Tell us about the title.
The artist Goya has a series of etchings that depict the Spanish Civil War called The Caprices. They capture the brutality of war. I found it interesting that Goya was trying to recreate the experience of war in an art form. So that was the challenge I set for myself.

During the writing of this book, you had two children. How did motherhood affect the book?
My focus changed. Instead of creating individuals to send off to war, after I became pregnant with our older son, I began imagining my characters as someone’s son rather than some guy I knew. The picture was horrible before, but when I began thinking of the characters in terms of my own child, the picture became so much worse. In some weird way, that helped me. I found an authenticity of voice from a general emotional impulse because I was not physically there to witness the horrors of war myself.

Did your view of war change while writing this book?
I’ve always been very anti-war. It’s hard to come out of my background without being that way. I have close family members whom I have never met because of war. Knowing that makes it harder to write about war. My grandfather and uncle went off to camps in the Philippines and were never seen again.
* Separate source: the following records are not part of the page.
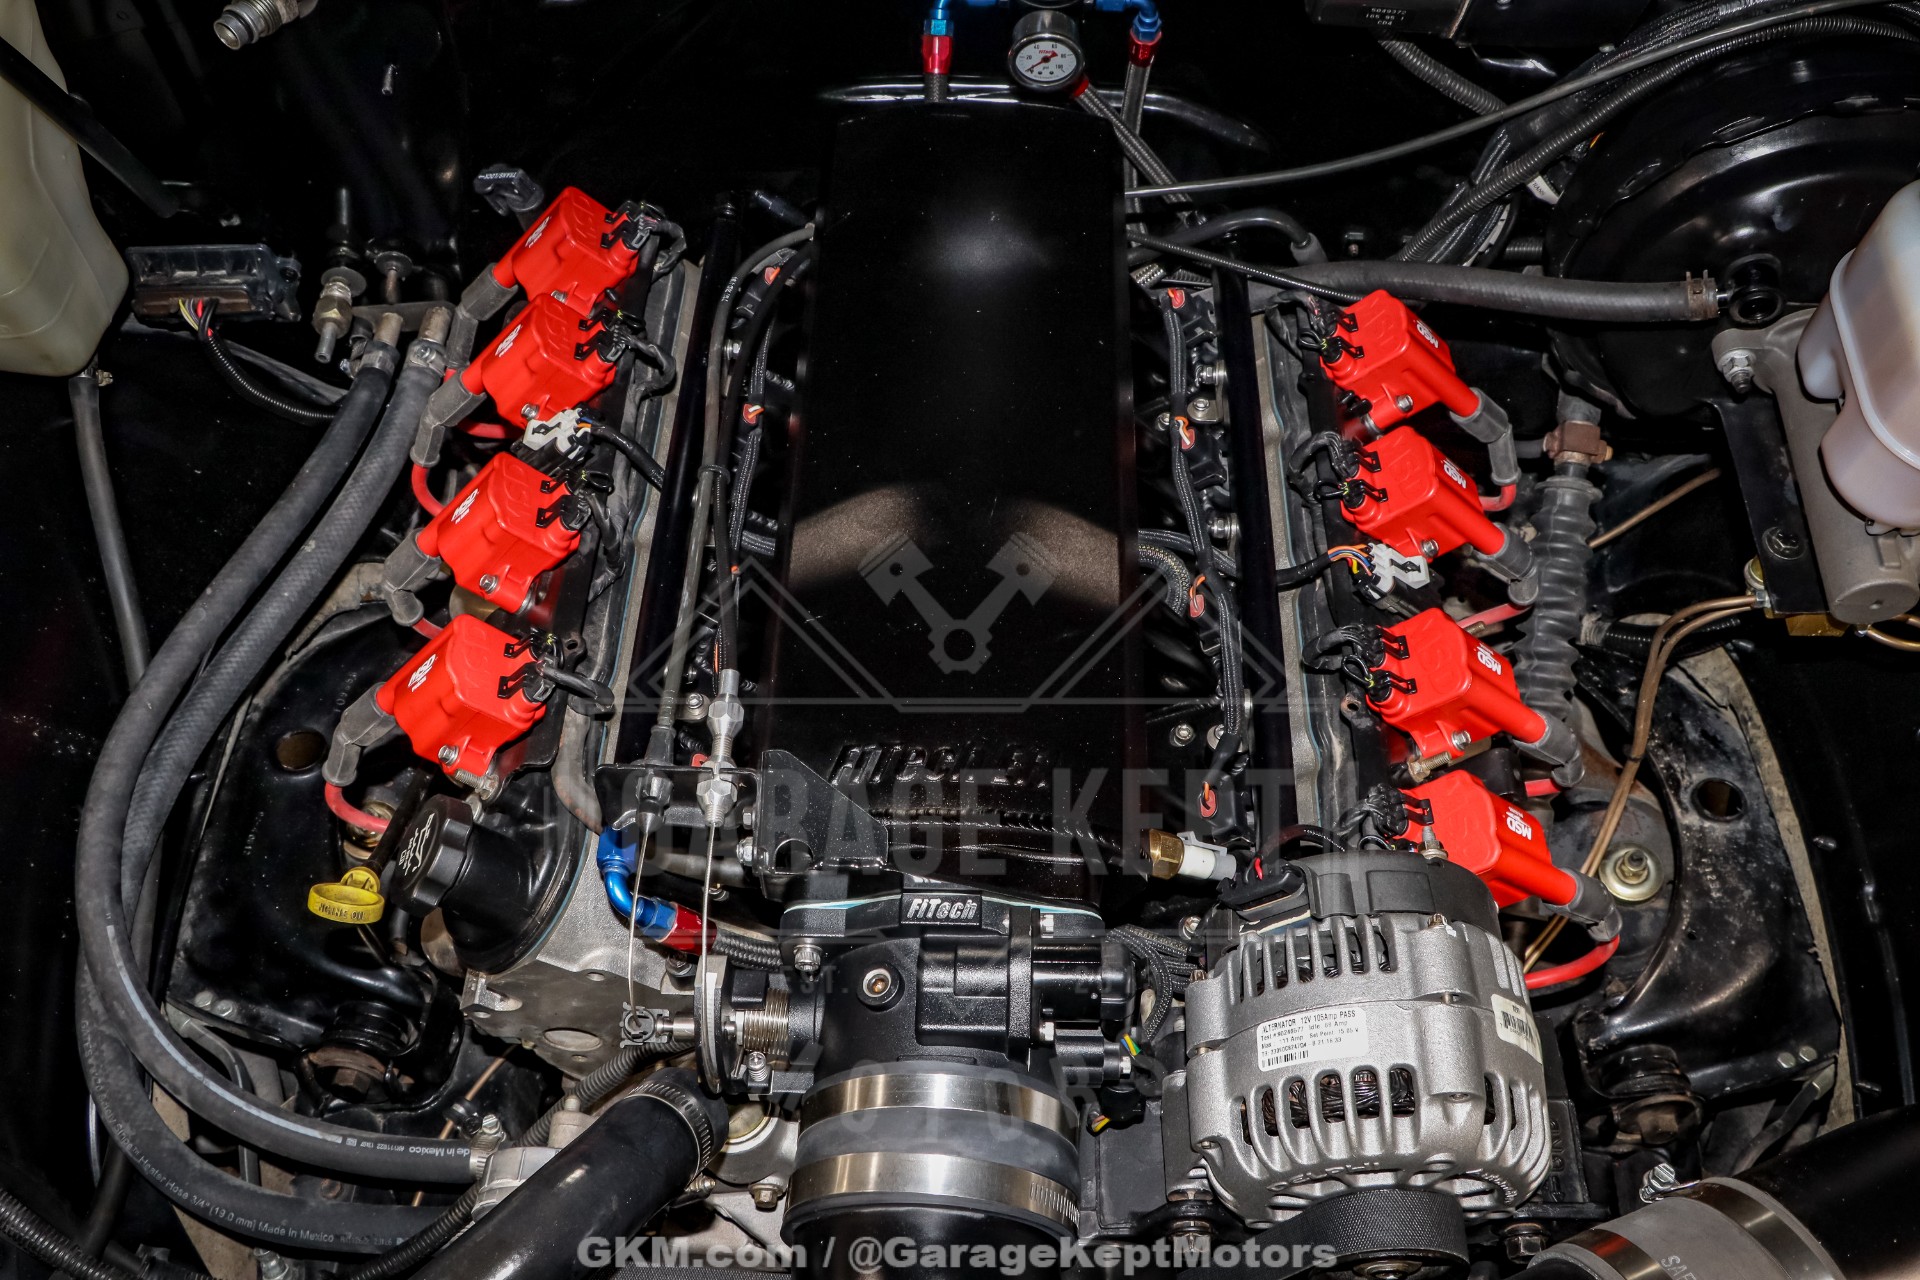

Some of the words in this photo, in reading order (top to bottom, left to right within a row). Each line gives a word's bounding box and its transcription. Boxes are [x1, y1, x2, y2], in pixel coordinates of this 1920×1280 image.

[1477, 651, 1502, 675] MSD
[1506, 816, 1532, 840] MSD
[1300, 1016, 1312, 1024] 12V
[1339, 1010, 1356, 1018] PASS
[409, 1146, 445, 1157] Mexico
[447, 1147, 455, 1156] in
[457, 1147, 471, 1157] de
[138, 1154, 167, 1183] Heater
[165, 1179, 190, 1201] Hose
[258, 1220, 286, 1238] Made
[300, 1228, 334, 1243] Mexico
My mother has horrible stories about the kids who went missing and those that died.

When people write memoirs they have a sense of conquering their fears through their writing. But in writing Caprices, I had no sense of cathartic release. Instead, I felt like I unleashed demons. World War II was a horrible time – all war is horrible – but that horror is something everyone needs to be aware of. I tried to bring an emotional authenticity to a part of history that is not explored enough. And fiction can be very effective in capturing history.
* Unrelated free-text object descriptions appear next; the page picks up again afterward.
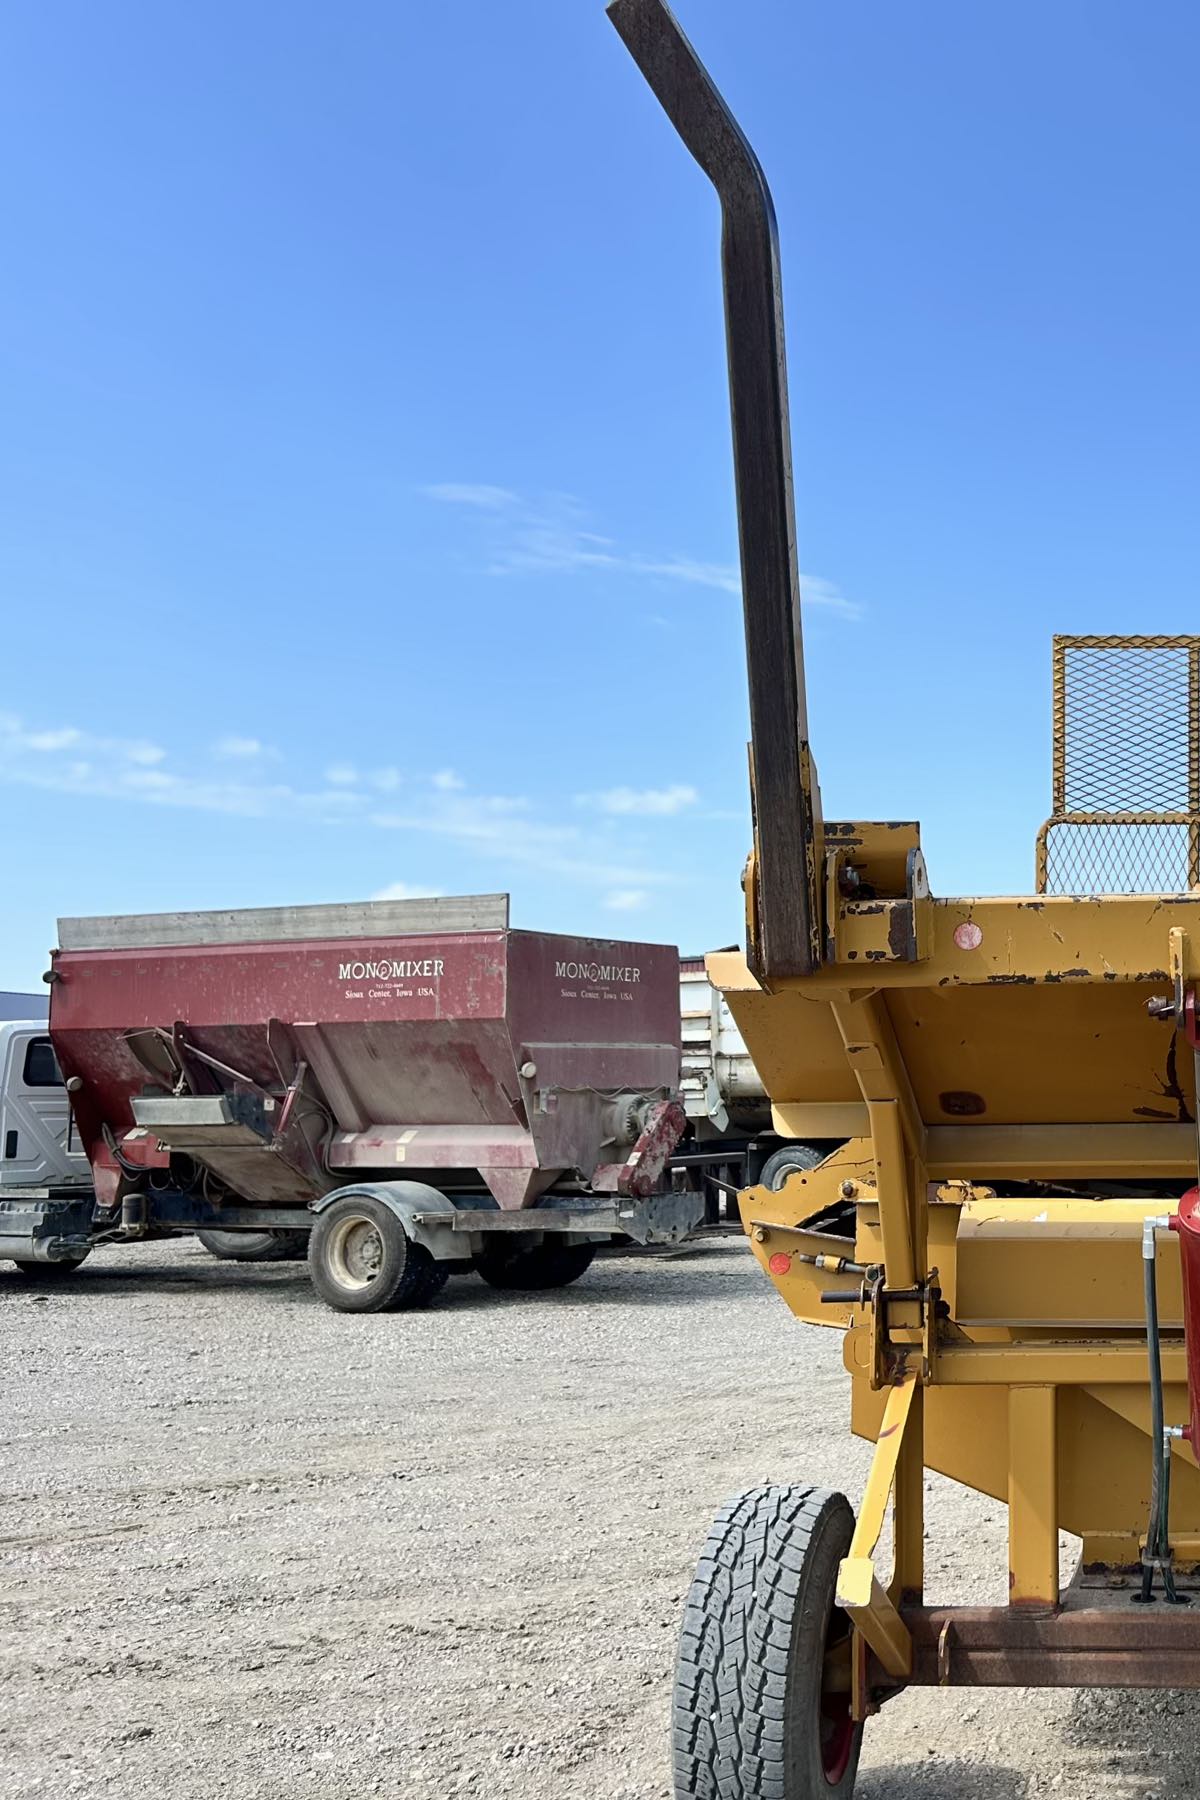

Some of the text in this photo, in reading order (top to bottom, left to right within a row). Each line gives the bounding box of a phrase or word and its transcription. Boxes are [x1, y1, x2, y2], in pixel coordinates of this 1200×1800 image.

[338, 960, 444, 980] MONOMIXER
[555, 961, 640, 982] MONOMIXER
[345, 990, 364, 999] Sioux
[396, 988, 413, 997] Iowa
[418, 987, 434, 996] USA
[620, 992, 634, 1001] USA
The Japanese do not come off well in your book – their history during this time period is especially brutal.
I think it’s impossible to write about the Pacific Campaign without pointing out that the aggressor was the Japanese war machine. At the same time, we need to be sensitive about certain realities. People say ‘Oh, you wrote about the Pacific Campaign, then you must have written about U.S. concentration camps.’ But those were Americans with Japanese ancestors – which means we were turning against our own. So I make my three leaps: ‘You’re one of those people who thinks the United States is only a white country.’

What I’m writing about is a history of brutal occupation of numerous Asian countries, and the atrocities committed there by the Japanese. To overlook the fact the aggressors were Japanese and spin that into some sort of Asian brotherhood would be pandering to the idea that the Asian face is seen as docile in the West. I’m writing situation by situation, about specific people who fill these roles. I’m not writing about the Japanese civilian. There’s a story in the book about two Japanese soldiers who try desperately to build a life in the Philippines after the war. I also end the whole book looking at the tragedy of Hiroshima and Nagasaki – that was intentional. War is a tide: It goes one way and then the other. It must stop somehow. People accept war as force of nature, but it’s not.

What’s next for you?
I have a new book out on submission right now: A Carnivore’s Inquiry is a novel that looks at cannibalism, art, literature and exploration. I’m also finishing up at Andover [the prep school where Murray has been writer-in-residence] and will start teaching at the University of Massachusetts at Andover this fall.

Author interview: “Living with War: PEN/Faulkner Winner Sabina Murray,” AsianWeek, May 23, 2003

Tidbit: The inventive Sabina Murray, together with the wonderful Jessica Hagedorn and Helen Zia, was a guest for the Smithsonian Asian Pacific American Program’s “Contemporary Asian American Writers” public program on September 29, 2004.